This work investigates the computational complexity boundaries of simulating dynamics governed by exponentially large quadratic bosonic Hamiltonians. By leveraging quantum complexity theory, bosonic Hamiltonian modeling, and reductions from quantum circuits, the study establishes that the general quadratic boson simulation problem is $\mathsf{BQP}$-complete. Moreover, it demonstrates that an extended variant of the problem is $\mathsf{PostBQP}$-hard, revealing a complexity phase transition from efficiently quantum-solvable to postselection-hard. These results unify and generalize prior findings on classical oscillator networks and continuous-time quantum walks, precisely delineating the boundary between quantum and classical simulability for large-scale bosonic systems.

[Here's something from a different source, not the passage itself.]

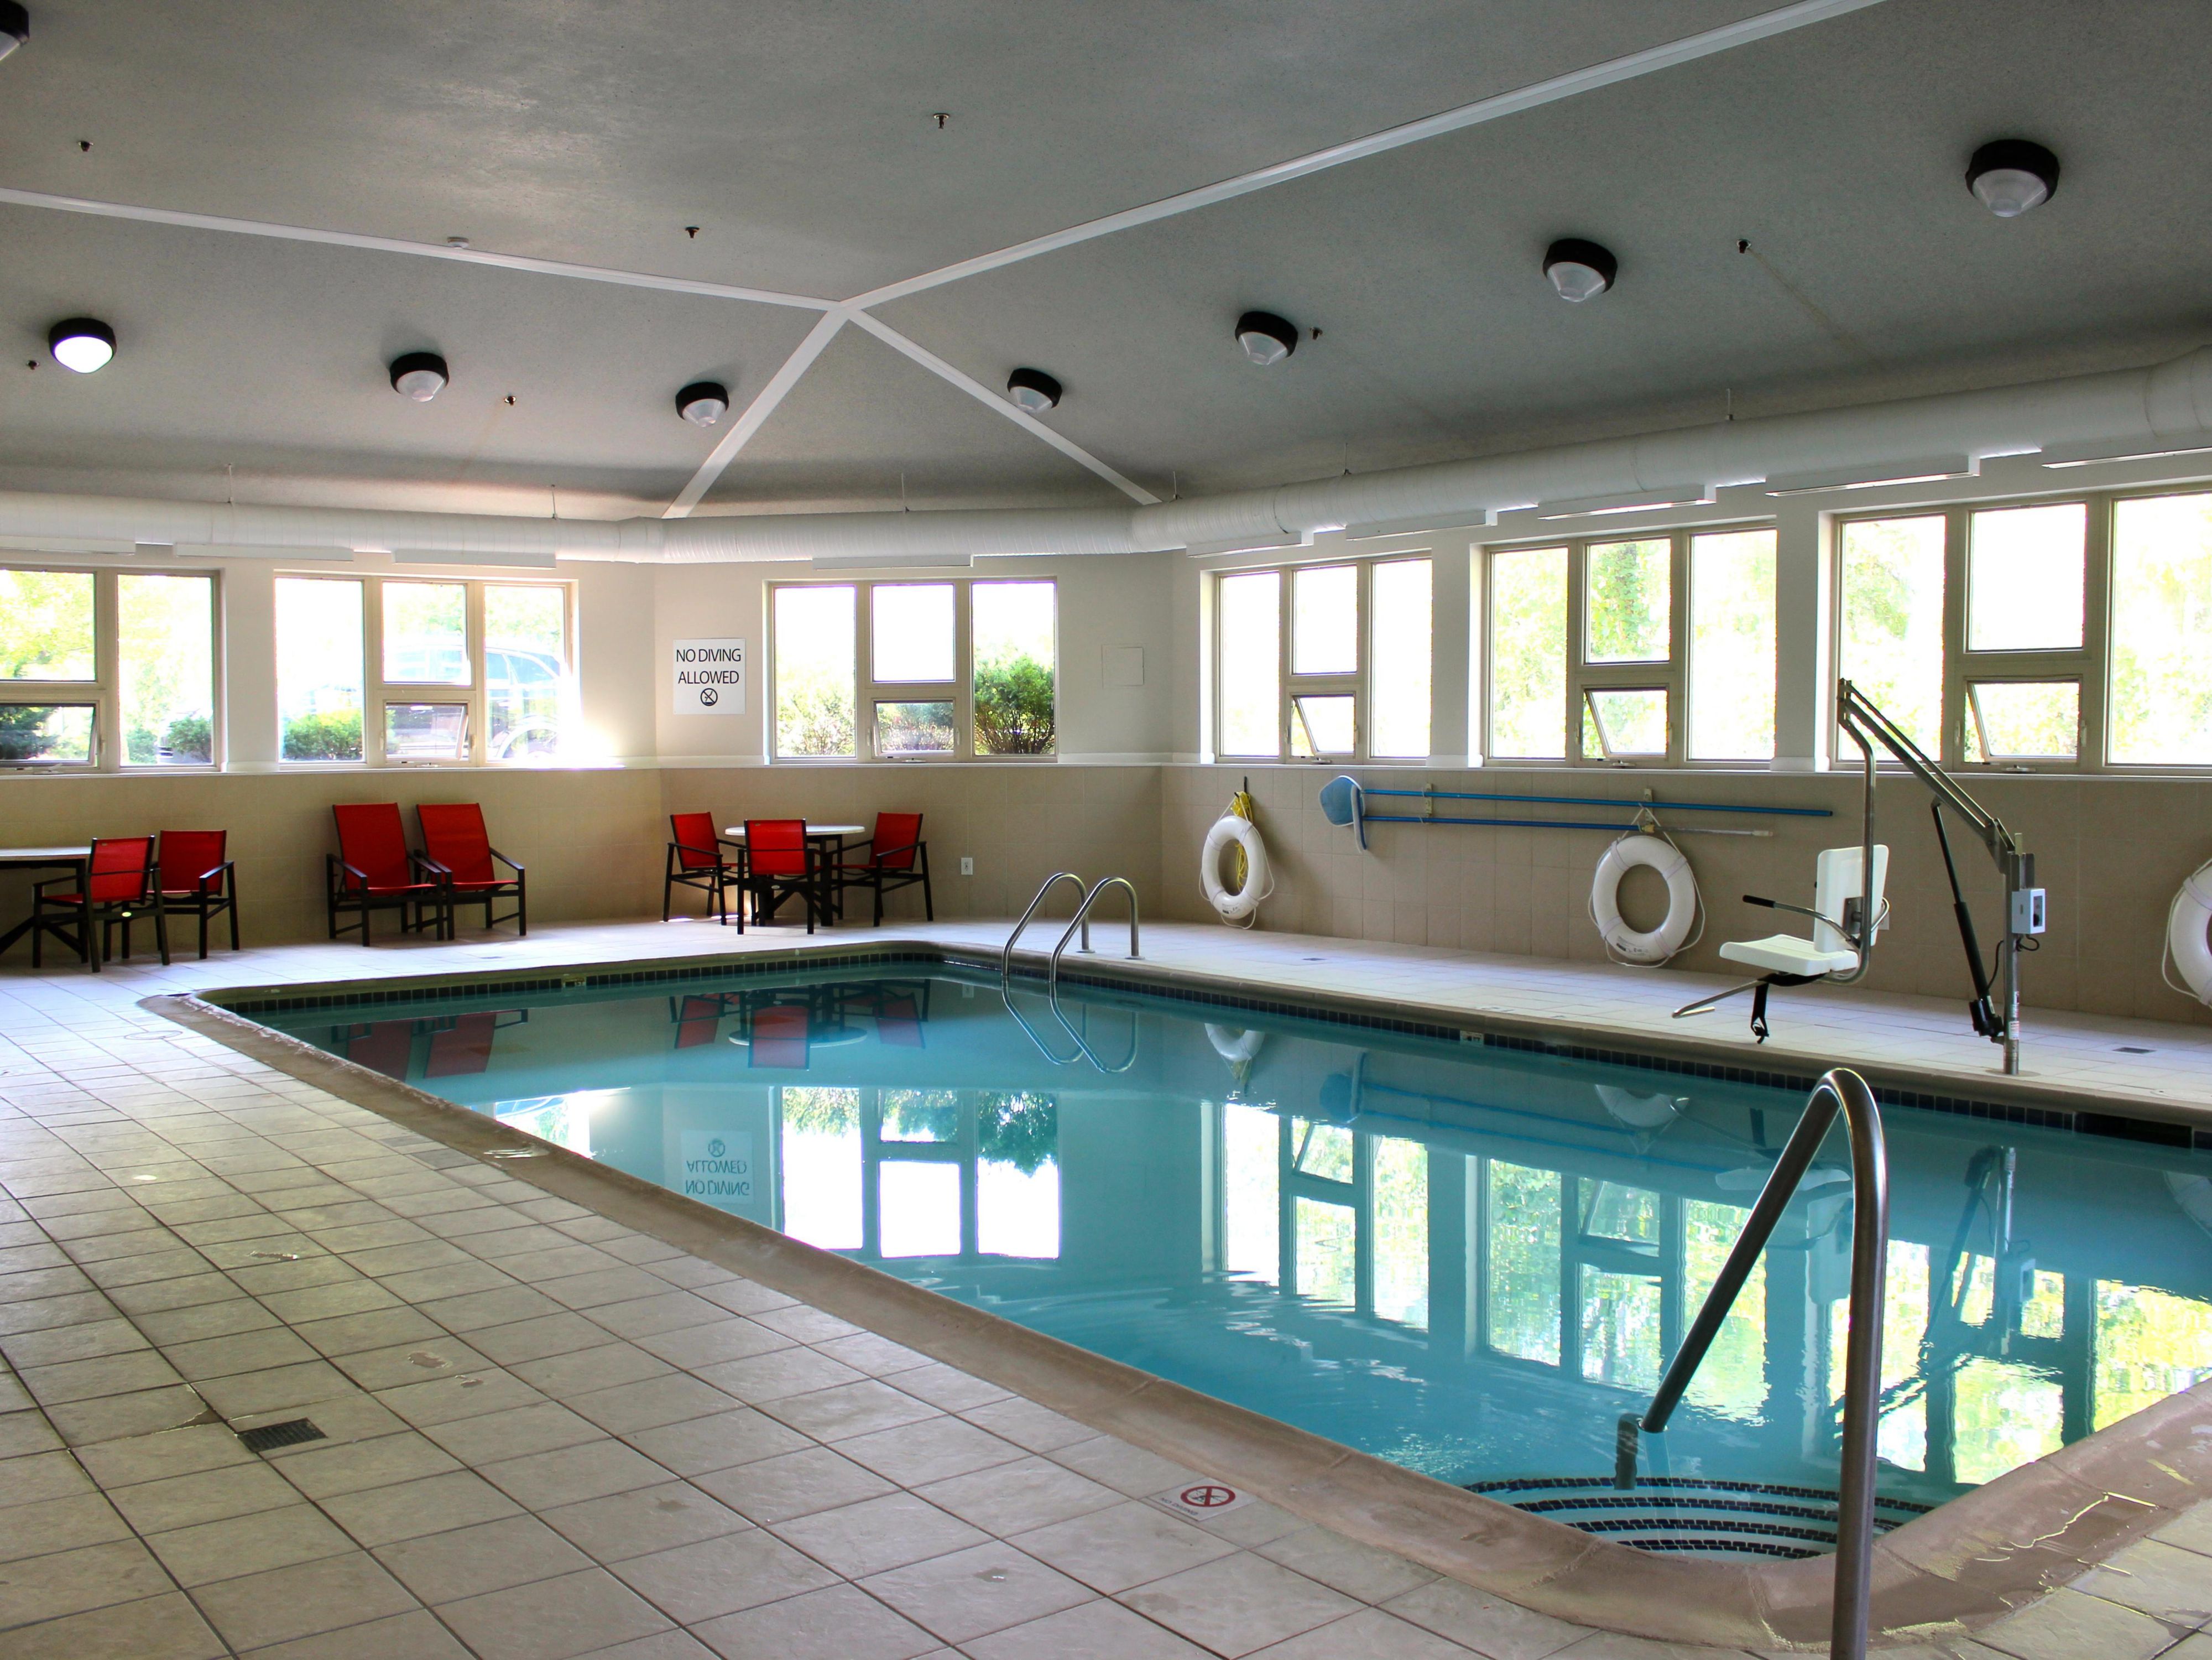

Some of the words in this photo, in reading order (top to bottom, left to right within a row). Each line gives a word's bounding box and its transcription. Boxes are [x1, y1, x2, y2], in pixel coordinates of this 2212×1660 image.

[676, 649, 696, 662] NO
[698, 648, 741, 662] DIVING
[678, 670, 739, 684] ALLOWED

The computational complexity of simulating the dynamics of physical quantum systems is a central question at the interface of quantum physics and computer science. In this work, we address this question for the simulation of exponentially large bosonic Hamiltonians with quadratic interactions. We present two results: First, we introduce a broad class of quadratic bosonic problems for which we prove that they are $\mathsf{BQP}$-complete. Importantly, this class includes two known $\mathsf{BQP}$-complete problems as special cases: Classical oscillator networks and continuous-time quantum walks. Second, we show that extending the aforementioned class to even more general quadratic Hamiltonians results in a $\mathsf{PostBQP}$-hard problem. This reveals a sharp transition in the complexity of simulating large quantum systems on a quantum computer, as well as in the difference in complexity between their simulation on classical and quantum computers.